Impressions de fausseté, d'inauthenticité, de routine commerciale de cet Occident des années 80, noyé dans la consommation, … la consumation.
Pourtant, la terre que les voyageurs vont fouler, dans un instant,  n'a rien d'ordinaire.

L'avion n'est pas plein, loin s'en faut !
Période des fêtes de fin d'année, les quelques voyageurs trépignent d'impatience, les yeux fixés sur leur montre, calculant déjà leur retard aux festivités familiales de Noël.
Dans cette atmosphère perceptiblement tendue, un jeune couple affiche  le calme de ceux que personne n'attend.


Dédale de couloirs déserts, gris, froids, avec, pour fil visible, les pancartes de sortie judicieusement espacées.
Course des pressés de la vie.
Ouverture des deux battants de la porte vitrée, libérant le flux humain cascadant des couloirs.
Immobilité brutale et totale de tous.
Le temps se fige, pendu à la corde de l'incompréhension : des hommes,  vêtus de combinaisons et de cagoules noires, armés de fusils Uzzi, ciblent les voyageurs.
De la flaque stagnante d'humains, retenue par la digue de la peur, s'échappent, tranquillement, quelques habitués qui, selon leur sexe, se dirigent  vers un poste d'interrogatoire.

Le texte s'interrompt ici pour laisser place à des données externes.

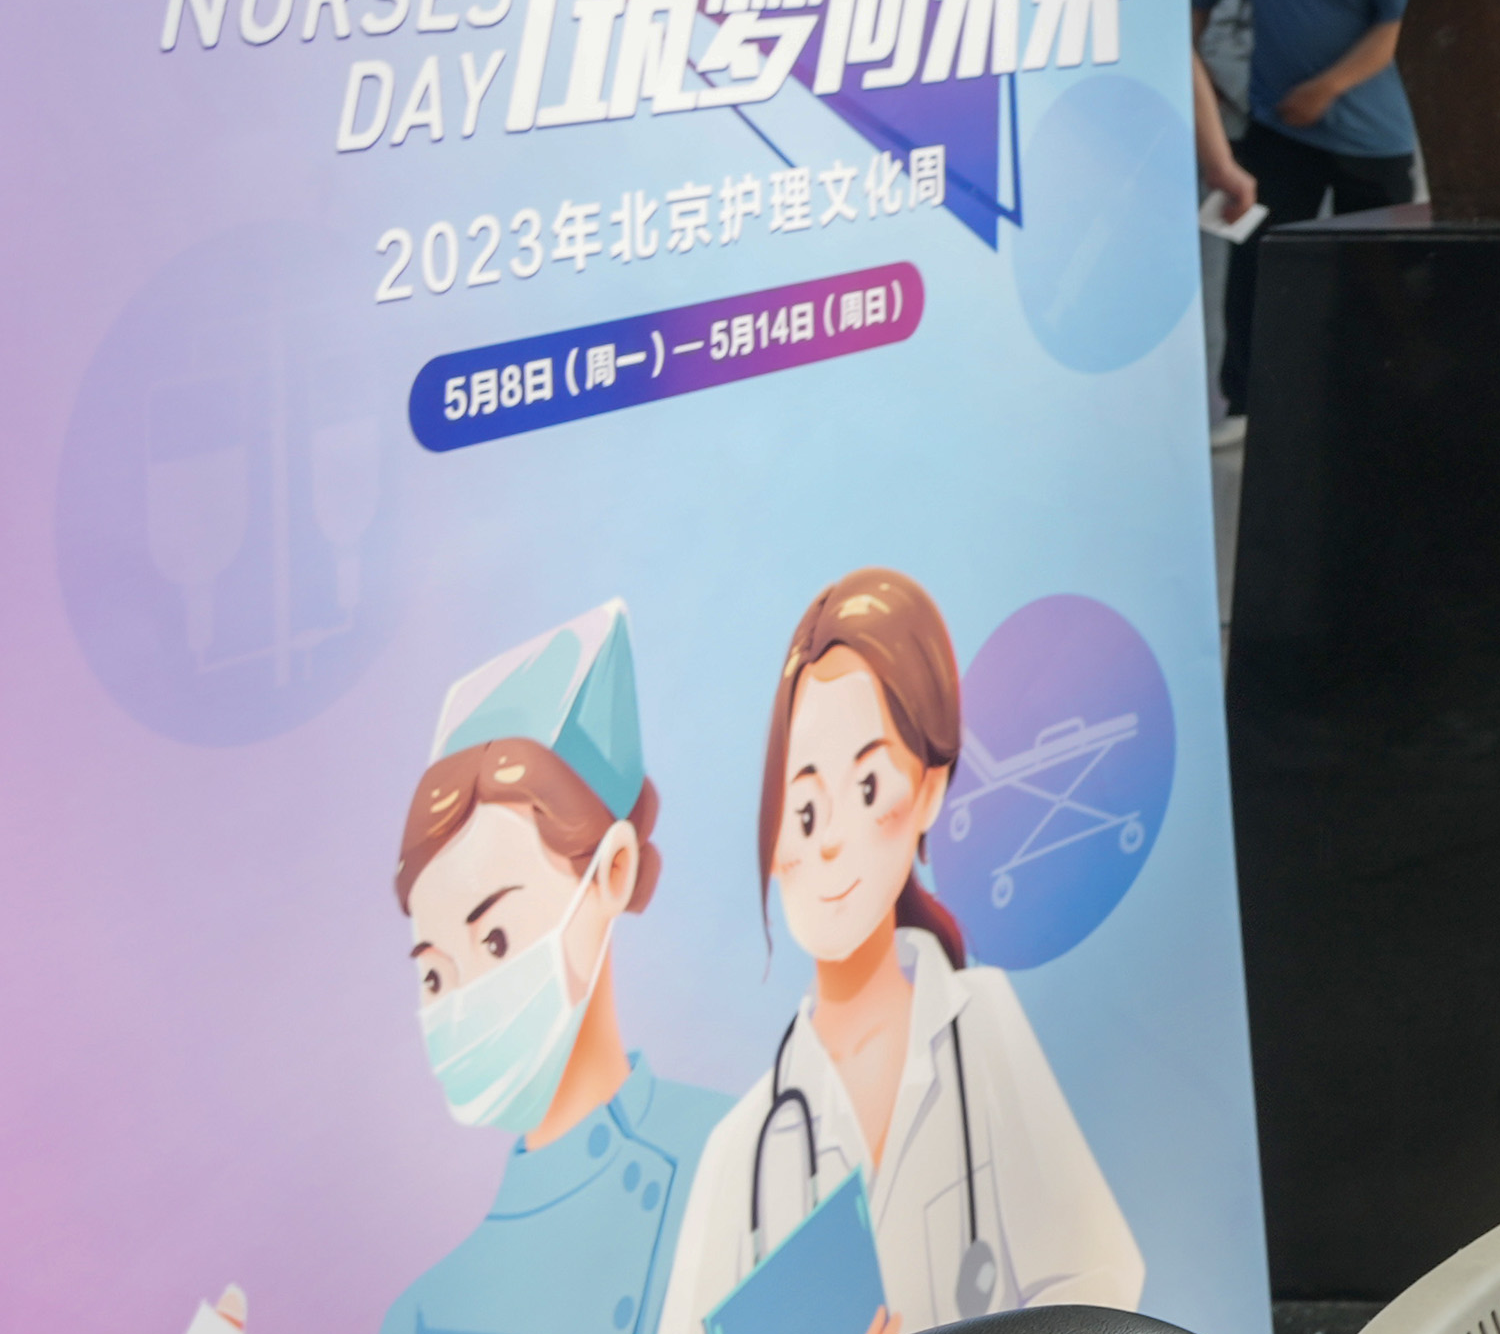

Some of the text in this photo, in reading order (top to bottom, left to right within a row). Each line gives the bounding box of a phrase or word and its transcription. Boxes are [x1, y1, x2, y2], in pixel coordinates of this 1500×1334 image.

[335, 50, 507, 153] DAY
[374, 144, 948, 305] 2023年北京护理文化周
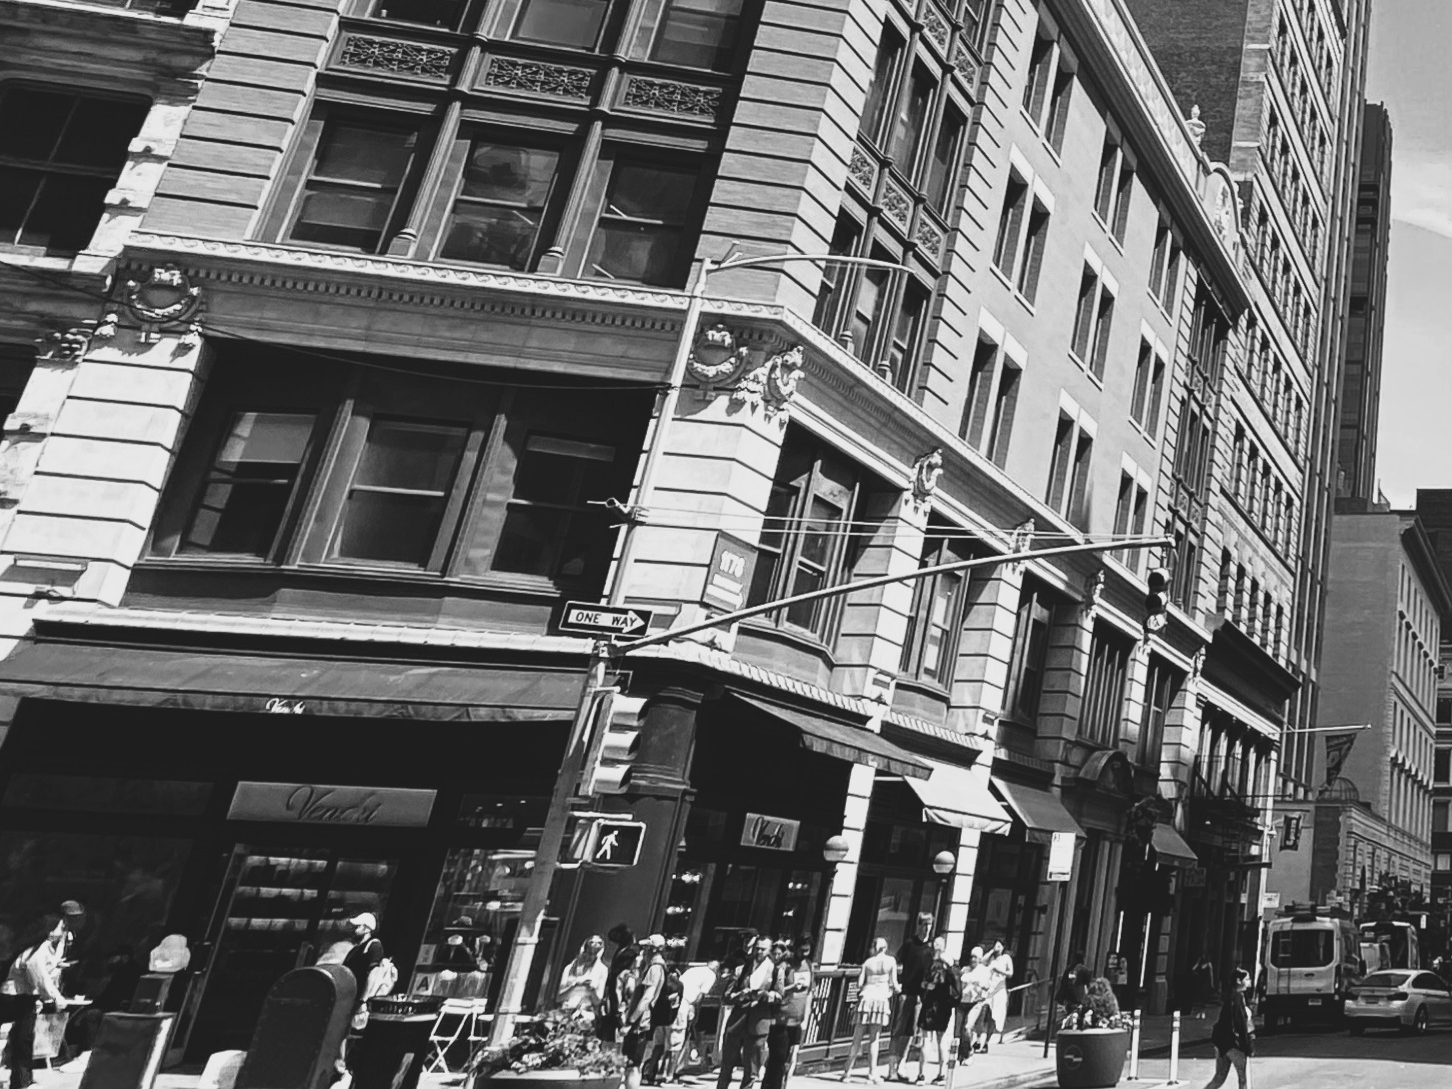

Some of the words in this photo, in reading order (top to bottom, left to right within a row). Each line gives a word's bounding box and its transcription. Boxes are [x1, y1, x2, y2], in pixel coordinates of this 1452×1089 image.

[575, 612, 601, 624] ONE
[612, 616, 637, 628] WAY
[416, 975, 429, 991] A

Le jeune couple comprend et, docilement, répond aux questions des agents de sécurité.
La jeune fille explique qu'elle a 22 ans, française, voyageant avec  son petit ami. Non, elle n'est pas juive. Oui, elle est corse. Non, elle ne sait pas fabriquer  des bombes !
L'interrogatoire se poursuit plus longtemps que prévu.
Son ami, juif et de ce fait, libéré très vite, observe la scène de loin, dodelinant de la tête.
Puis, d'un geste de la main, lui intime de se calmer.
Le sang bouillonnant de ses ancêtres pulse dans ses veines.
Pourtant, elle explique, calmement, les raisons de sa présence : 
touristique.
Le regard froid, qui scrute, cherchant à violer les secrets des âmes, se réchauffe brutalement à l'or du pendentif que porte Savéria : sur sa petite corse, désormais muette, la lettre de l'alphabet hébraïque, lettre de Vie, du Sceau, de  l'Alliance et, pour elle, juste, la lettre de l'amour que son compagnon lui porte.
Un « Welcome to Israel. Shalom ! » la libère de cette impression oppressante de s'être trompée de destination.
Shalom.
La Paix, ici, passe par les armes ?
Étrange sentiment. La réalité de la Terre Sacrée déroute sa puissance 

vers le
noir du sang
versé.

Savéria et Simon ont besoin d'oxygène.
Ils louent une voiture et quittent l'aéroport très vite.
Simon, juif, non pratiquant, pense et vit ce séjour comme une ballade
touristique à travers le pays, cherchant uniquement à le faire découvrir à son amie.
Savéria tente d'oublier les désagréments de l'aéroport, se raisonnant
intérieurement, se disant qu'elle devrait y être habituée, car, à chaque arrivée sur un  territoire étranger, sa corsitude lui joue des tours.
Simon sourit. Il est heureux, d'être là, avec elle. Sa main efface  les nuages du front de sa passagère. Savéria sourit. Shalom Israël !
Ils roulent, roulent, encore et encore, dans tous les sens, au gré des rencontres et de leurs envies.

Elle entend, éprouve, comprend que le pays est en guerre, au nord avec le Liban, à l'est avec la Syrie, au sud avec l'Egypte.
En guerre aussi avec lui-même, de l'intérieur, morcelé, déchiré.
En guerre fratricide au nom de Dieu.
Mais, du haut de ses 22 ans, sa conscience universelle est fugace, 
occultée par sa recherche d'identité, par ce grand boulevard qui s'ouvre devant elle,  immense de possibles, sur lequel il lui semble impossible de chuter, boulevard  de sa vie qui commence et qui paraît ne devoir jamais finir.
Mourir, c'est si loin, si incertain.
Et, avant, tant de choses à découvrir sur soi et sur les autres, tant de questions auxquelles il lui faudra répondre.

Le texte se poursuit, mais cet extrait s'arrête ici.